What’s “Washington’s Private Pension Plan” being teased by Palm Beach?

What's the "Backdoor" into "Immediate Retirement Fund Payouts" being teased by Teeka Tiwari?

By Travis Johnson, Stock Gumshoe, April 4, 2018

The latest ad from Teeka Tiwari for the Palm Beach Letter is pushing the idea that you can somehow collect some incredible monthly income with an “off the books” retirement income source… here’s how it’s introduced:

“Now, For the First Time Ever, a Former Wall Street Hedge Fund Manager Reveals How You Can Unlock the Secret ‘Backdoor’ Into…

“Washington’s Private Pension Plan

“And collect up to $11,334 per month thanks to this “off-the-books” retirement income source that pays retired congressmen and government insiders millions each year…

“They’ve been praying you’d never find out about this…”

This digs into a rich source of discontent among folks who feel like they haven’t gotten a “fair shake” in life, who are angry that, as Tiwari puts it, “everybody knows our public officials rig the system in their favor.”

And he says there’s a special way that they “rig the system” that you can benefit from.

“… less than 1% of people realize how Washington D.C. has rigged retirement—and left you out in the cold….

“… it’s called an Application for Immediate Retirement—also known as SF 2801.

“This document grants D.C. insiders access to a lucrative Social Security alternative…

“A private pension system which almost no one has heard of, because it’s only open to members of the U.S. Government.

“I call it:

“The ‘Immediate Retirement Fund.'”

And he says of this “Immediate Retirement Fund” …

“… within 30 days, it can give you immediate access to all the income you’ll ever need for retirement, without working another day in your life….

“Recipients of this fund receive a huge benefit up to $11,334, every month… guaranteed.”

That’s all a reference to both Congressional/Presidential pensions and, further into the ad, public sector retirement pensions — like the pensions that local VA nurses or postal employees or government office workers earn.
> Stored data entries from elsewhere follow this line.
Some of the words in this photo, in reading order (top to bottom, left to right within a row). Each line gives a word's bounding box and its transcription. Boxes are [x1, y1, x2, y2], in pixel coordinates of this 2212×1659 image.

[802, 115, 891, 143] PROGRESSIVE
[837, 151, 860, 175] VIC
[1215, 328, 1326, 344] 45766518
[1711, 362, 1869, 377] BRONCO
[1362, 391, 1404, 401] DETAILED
Some of these are Federal, some are state-based, and they’re all employment-based annuities.

You, obviously, can’t get one of those if haven’t served in Congress or worked as a government employee… and if you’re retired from a state job in New Jersey or Illinois or some other state that’s more bankrupt than the rest, you’re probably worried about the pension benefits you earned actually being paid.
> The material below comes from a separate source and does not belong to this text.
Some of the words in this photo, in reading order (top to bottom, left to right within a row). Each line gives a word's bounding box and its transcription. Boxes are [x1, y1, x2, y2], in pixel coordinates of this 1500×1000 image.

Or maybe you’ve already got a pension from some private source — they’re rarer now and have been phased out at most companies, but there are still lots of retirees or near-retirees who depend on corporate pension plans for their future income.

A pension plan is just a defined benefit retirement plan — you sign up or are signed up by virtue of your employment, and your employer promises to pay you a certain amount of money each month or each year after you retire. Usually the amount is based on how many years you work, and what your average salary level is as you near retirement, and money is usually taken out of your paycheck to help cover the cost of that perpetual future income stream — as opposed to the “defined contribution” 401(k) plan that is far more popular among employers now because it puts the risk back on the employee to manage their future income.
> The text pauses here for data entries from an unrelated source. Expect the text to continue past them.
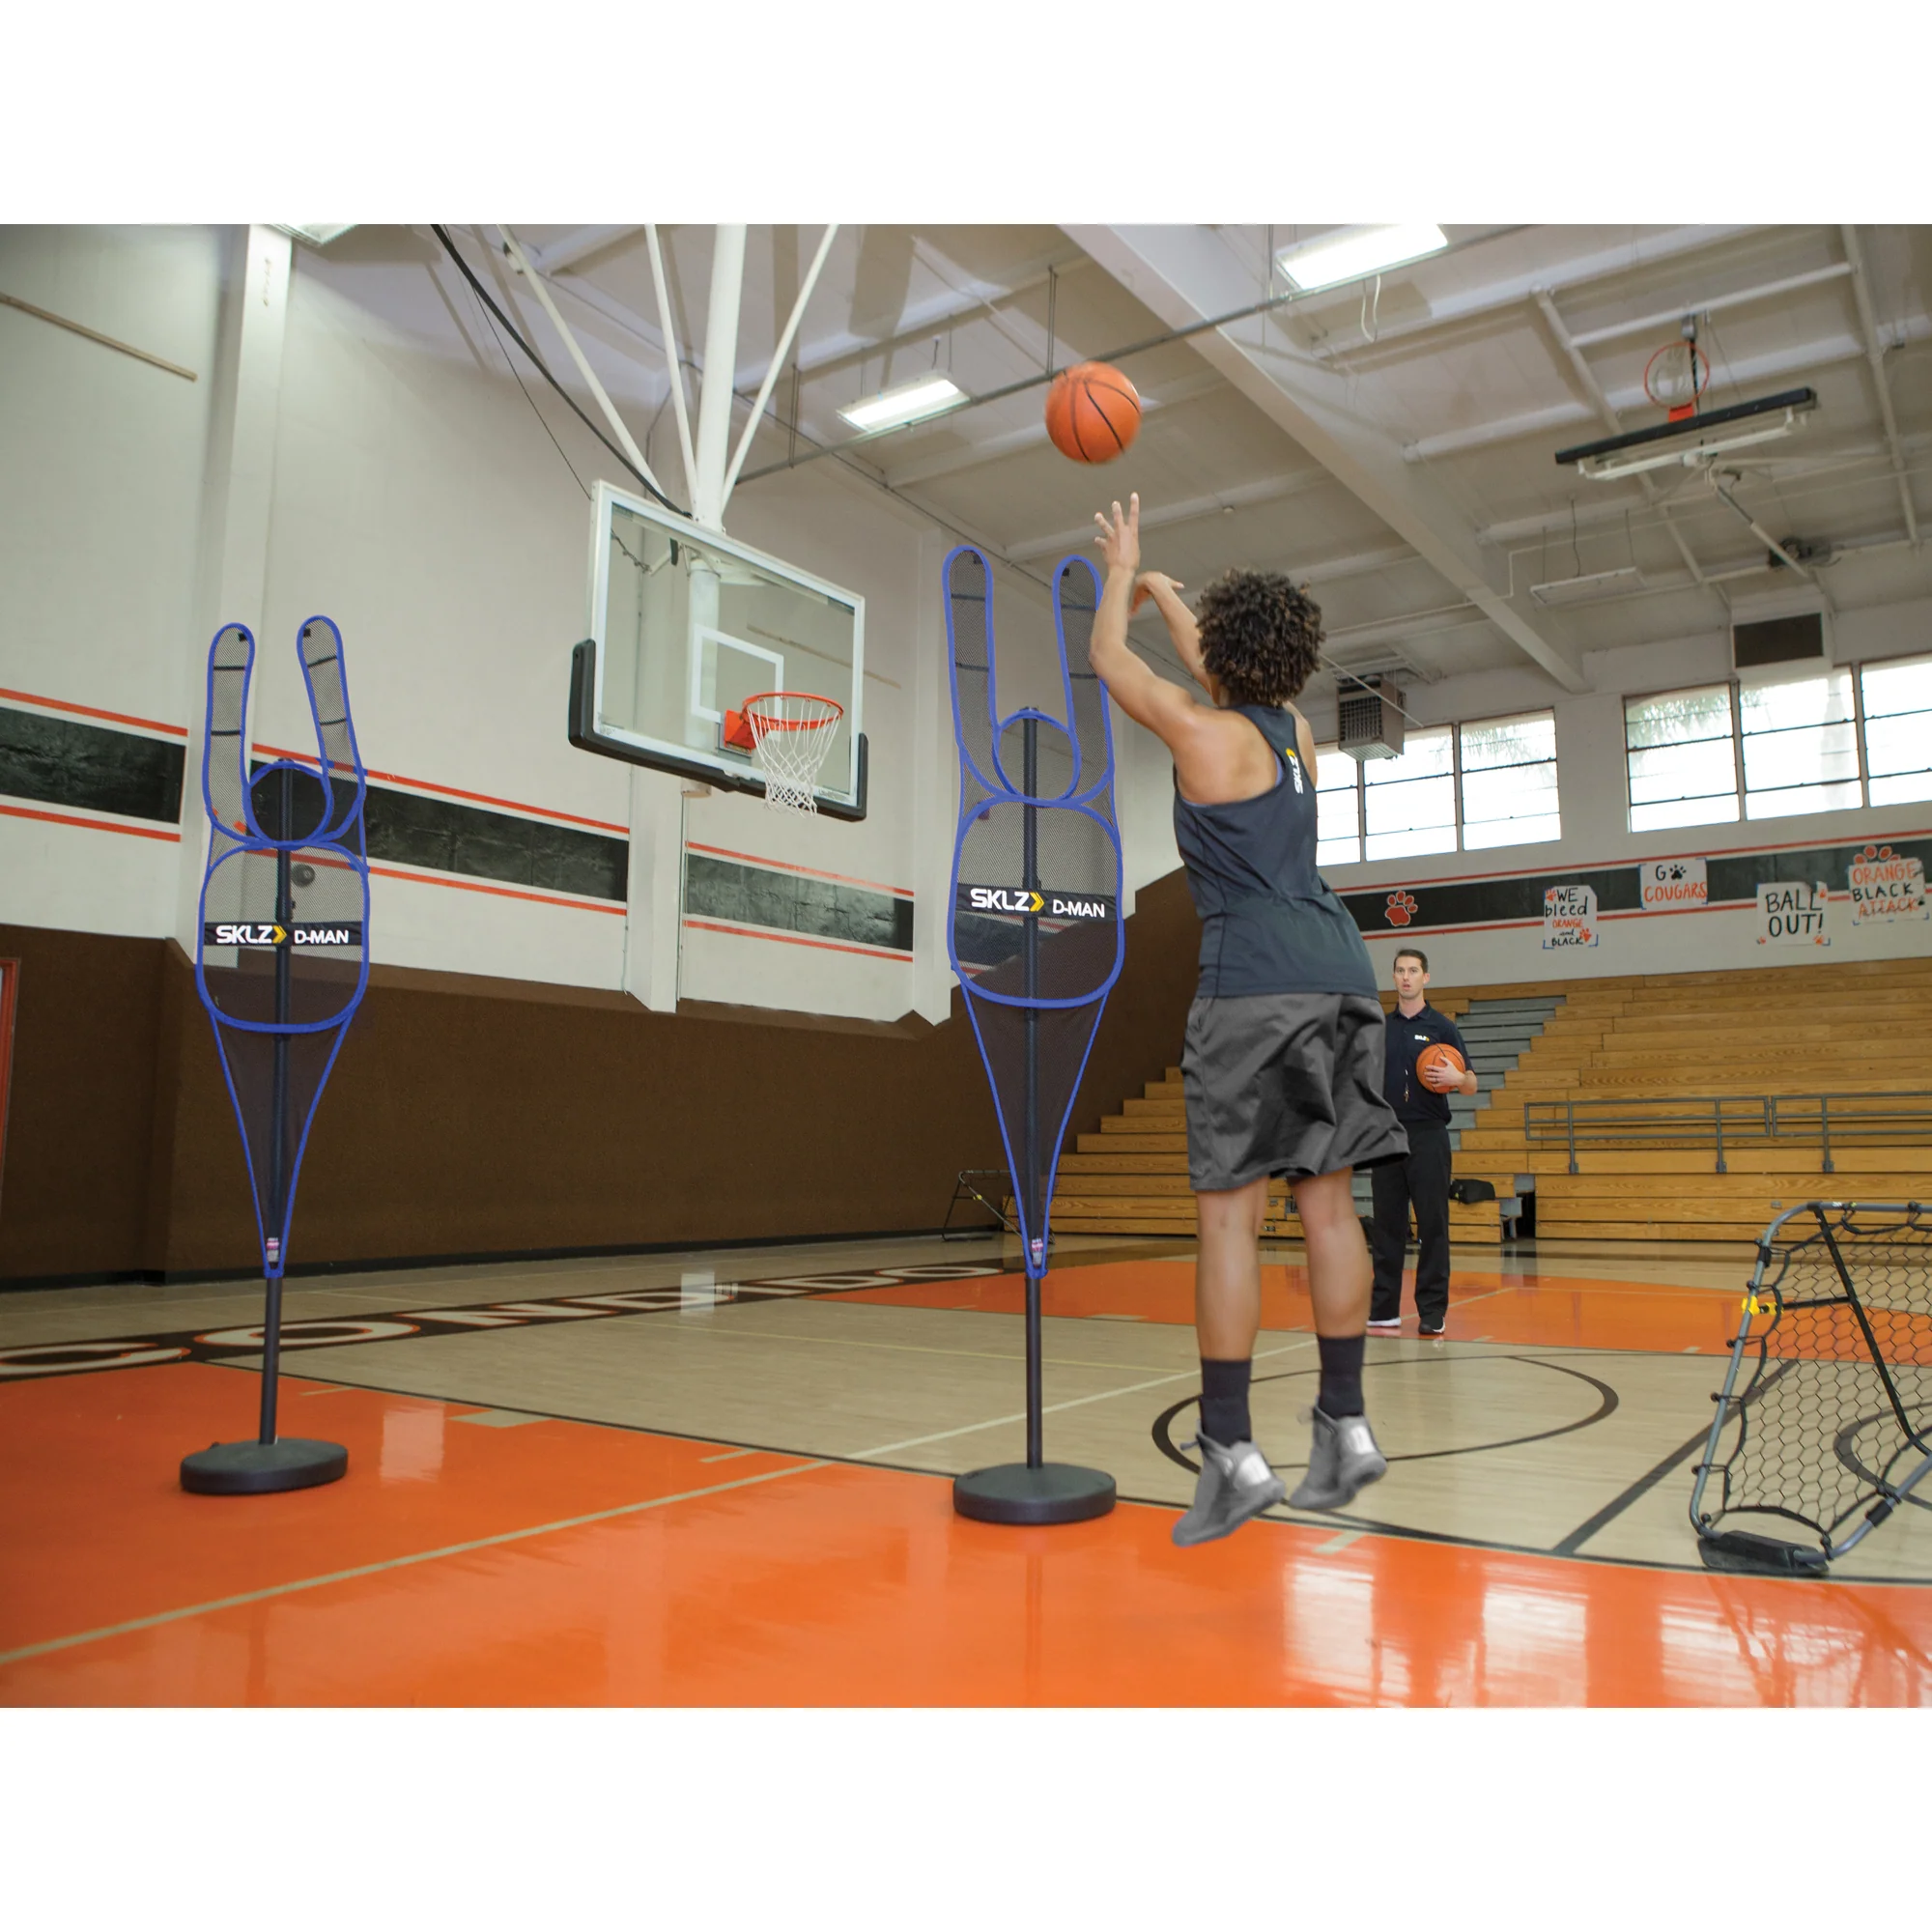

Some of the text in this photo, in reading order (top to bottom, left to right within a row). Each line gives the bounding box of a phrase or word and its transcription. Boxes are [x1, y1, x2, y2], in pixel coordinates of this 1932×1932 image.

[1288, 754, 1304, 794] SKLZ
[1853, 861, 1916, 886] ORANGE
[970, 888, 1105, 918] SKLZ D-MAN
[1556, 887, 1578, 902] WE
[1644, 881, 1708, 903] COUGARS
[1765, 888, 1823, 914] BALL
[1852, 882, 1914, 902] BLACK
[1546, 895, 1588, 918] bleed
[1859, 896, 1920, 920] ATTACK
[215, 924, 349, 944] SKLZ D-MAN
[1552, 918, 1583, 928] ORANGE
[1769, 913, 1823, 938] OUT!
[1551, 937, 1583, 947] BLACK
This is not “free money,” it’s the retirement that was promised to those workers — you can argue about whether it’s justified or not (particularly the Congressional pensions, which have often been egregious), or whether it feels fair, but they played by the rules and, on average, they sacrificed salary (which is often higher in private sector employment) in order to get better benefits (like a pension) and a more stable work environment.

That’s a deal that many of us probably thought about at some point in our lives — do I take the risk of a harder job, or a more competitive job? Or do I take the stability of the government job with a pension? Do I stick with this job that I hate, with terrible coworkers, so that I don’t lose this pension? I’ve had a couple jobs where a pension was an option for me, but I opted out in order to get the “you can take it with you” 401(k) contribution instead, because I knew I wouldn’t be in that job for the 30 years that would make the pension worthwhile. Nothing is free, and people who have pensions are not, for the most part, scamming anybody — you can argue about the Congressional pensions for disgraced and jailed politicians or those who quietly voted in higher payouts for themselves and tried to keep it quiet, of course, but those are just the attention-getting crazy ones.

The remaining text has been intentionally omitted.